01:11:24Guest:As a matter of fact, the similarities between the 60s and what is happening now are truly amazing.
01:11:32Guest:Yeah.
01:11:33Guest:How so exactly?
01:11:34Guest:Well, I think there is what there was in the 60s.
01:11:38Guest:There was a growing distrust of the government.
01:11:41Guest:Yeah.
01:11:42Guest:A growing distrust of the institutions, a belief.
01:11:46Guest:For instance, you can say Bernie Sanders on one side, Donald Trump.
01:11:50Guest:on another.
01:11:51Guest:Representing working class anger.
01:11:53Guest:Yeah.
01:11:53Guest:They were both at the extremes of the left and right.
01:11:57Guest:Yeah.
01:11:58Guest:But they were both tapping in to this discontent with the establishment as is.

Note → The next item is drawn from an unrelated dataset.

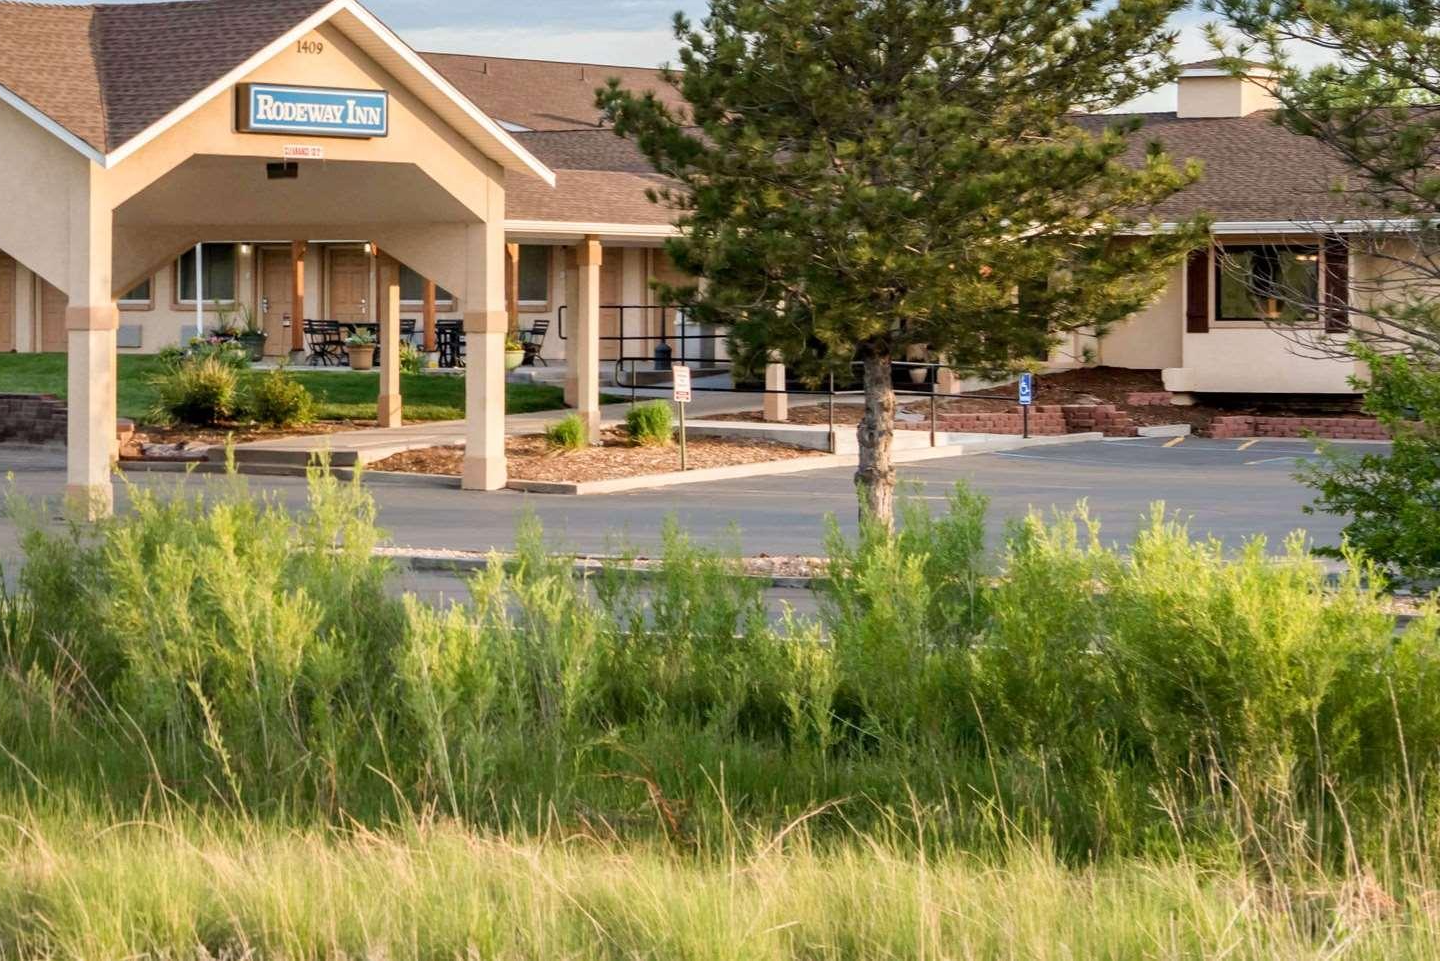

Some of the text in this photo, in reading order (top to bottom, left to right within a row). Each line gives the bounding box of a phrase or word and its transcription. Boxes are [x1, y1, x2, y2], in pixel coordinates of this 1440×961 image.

[296, 40, 324, 55] 1409
[256, 94, 381, 125] RODEWAY INN

01:12:05Guest:And that was a major thought of the 60s, at least the way I interpreted it.
01:12:10Guest:Sure.
01:12:10Guest:And I think that's it.
01:12:11Guest:So I felt the angels represented a working class revolt.
01:12:17Guest:Uh-huh.
01:12:17Guest:And the film did...
01:12:18Guest:incredibly well and which film was this this was the wild angel yeah first hell's angels picture yeah it was actually the opening night film of the venice film festival which nobody thought we were going to do with this little 15-day picture and the state department protested that it was not a portrayal a true portrayal of all american life and i was delighted i
01:12:44Guest:I thought I could not have gotten better publicity than the State Department attacking my film.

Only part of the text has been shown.